→ What to work on:
When you transcribe the entries below, keep the wording exact and omit the pictures.

→ Study material:
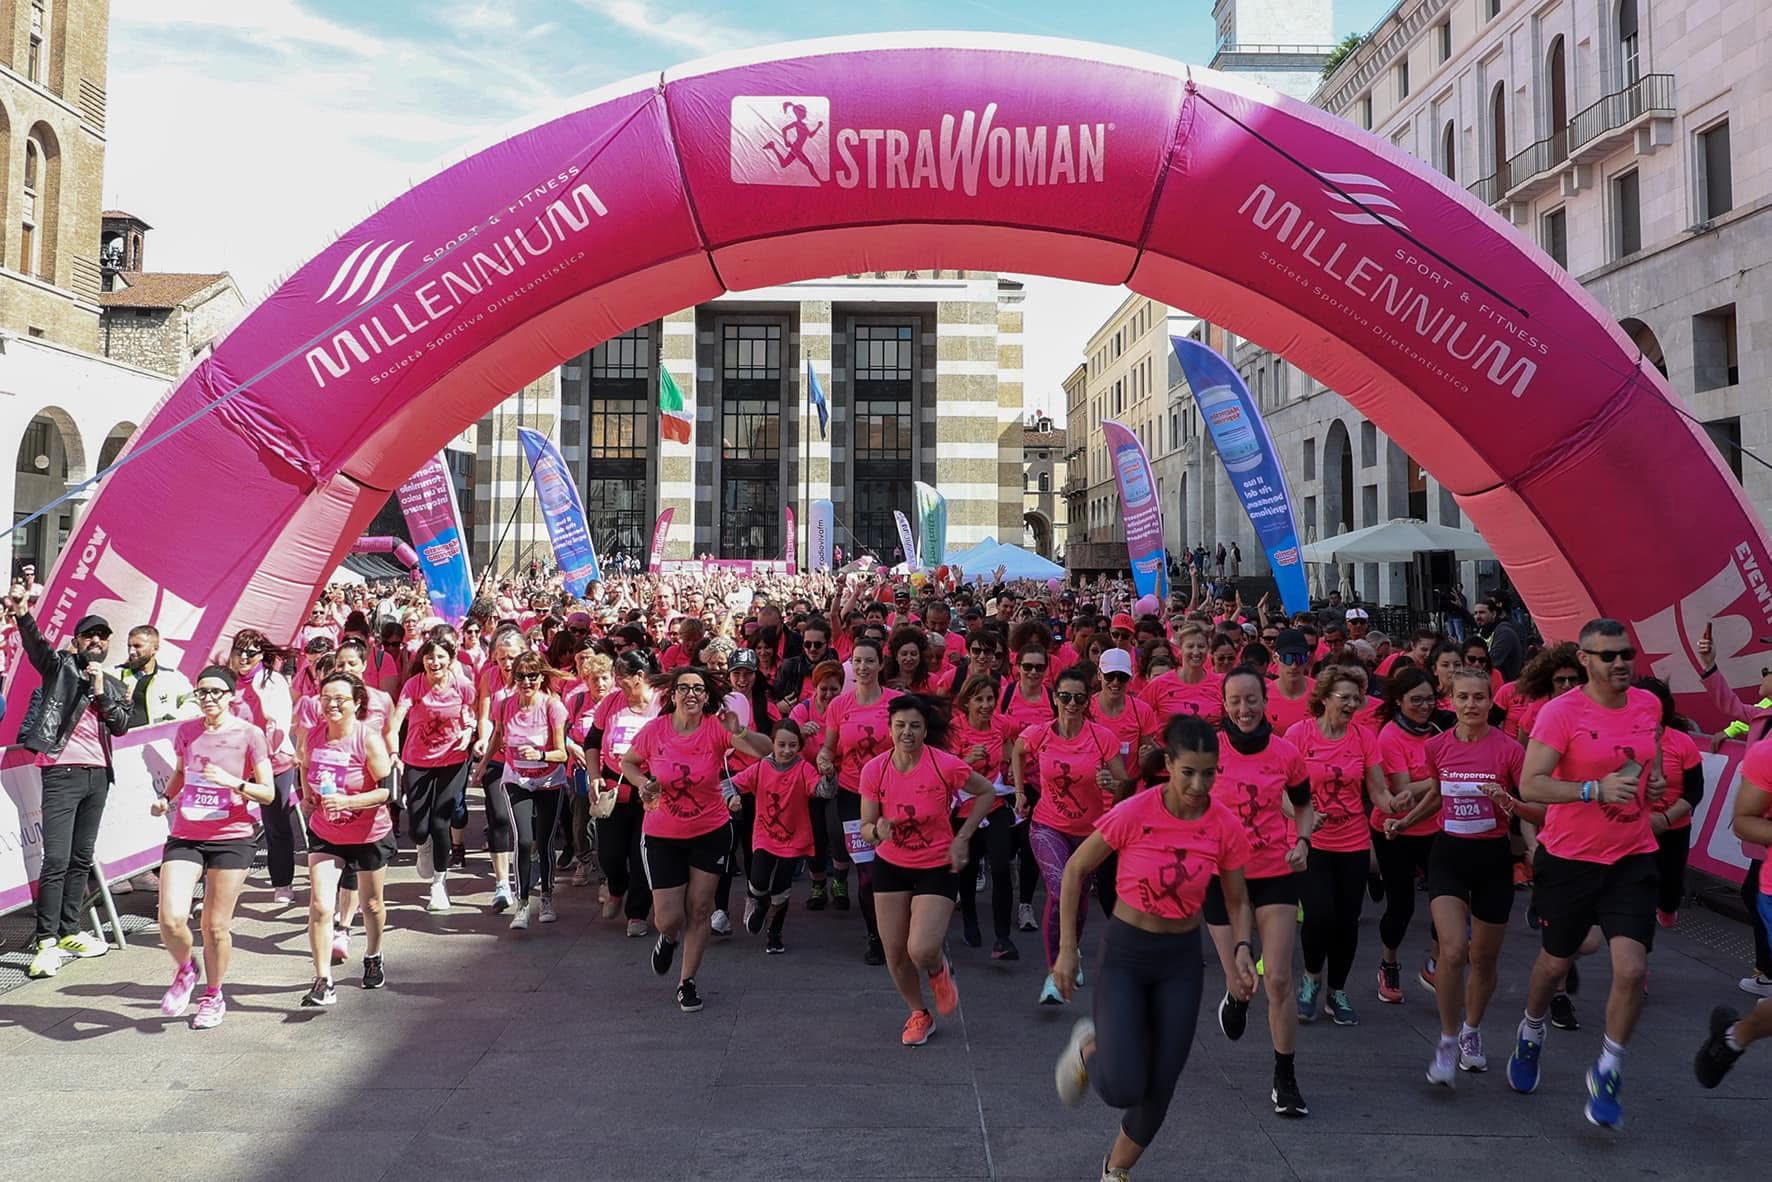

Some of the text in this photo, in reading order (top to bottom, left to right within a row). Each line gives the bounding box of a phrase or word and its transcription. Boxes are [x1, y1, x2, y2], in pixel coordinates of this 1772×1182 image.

[836, 103, 1105, 196] STRAWOMAN
[423, 226, 479, 264] SPORT
[508, 166, 580, 213] FITNESS
[305, 183, 609, 388] MILLENNIUM
[370, 251, 585, 385] Società Sportiva Dilettantistica
[1238, 184, 1538, 398] MILLENNIUM
[1258, 250, 1470, 393] Società Sportiva Dilettantistica
[1394, 248, 1550, 355] SPORT & FITNESS
[44, 524, 107, 643] ENTI WOW
[195, 794, 219, 805] 2024
[852, 839, 871, 848] 202
[1454, 804, 1480, 816] 2024

→ Your response:
Some of the text in this photo, in reading order (top to bottom, left to right within a row). Each line gives the bounding box of a phrase or word and its transcription. Boxes are [x1, y1, x2, y2], in pixel coordinates of this 1772×1182 image.

[836, 103, 1105, 196] STRAWOMAN
[423, 226, 479, 264] SPORT
[508, 166, 580, 213] FITNESS
[305, 183, 609, 388] MILLENNIUM
[370, 251, 585, 385] Società Sportiva Dilettantistica
[1238, 184, 1538, 398] MILLENNIUM
[1258, 250, 1470, 393] Società Sportiva Dilettantistica
[1394, 248, 1550, 355] SPORT & FITNESS
[44, 524, 107, 643] ENTI WOW
[195, 794, 219, 805] 2024
[852, 839, 871, 848] 202
[1454, 804, 1480, 816] 2024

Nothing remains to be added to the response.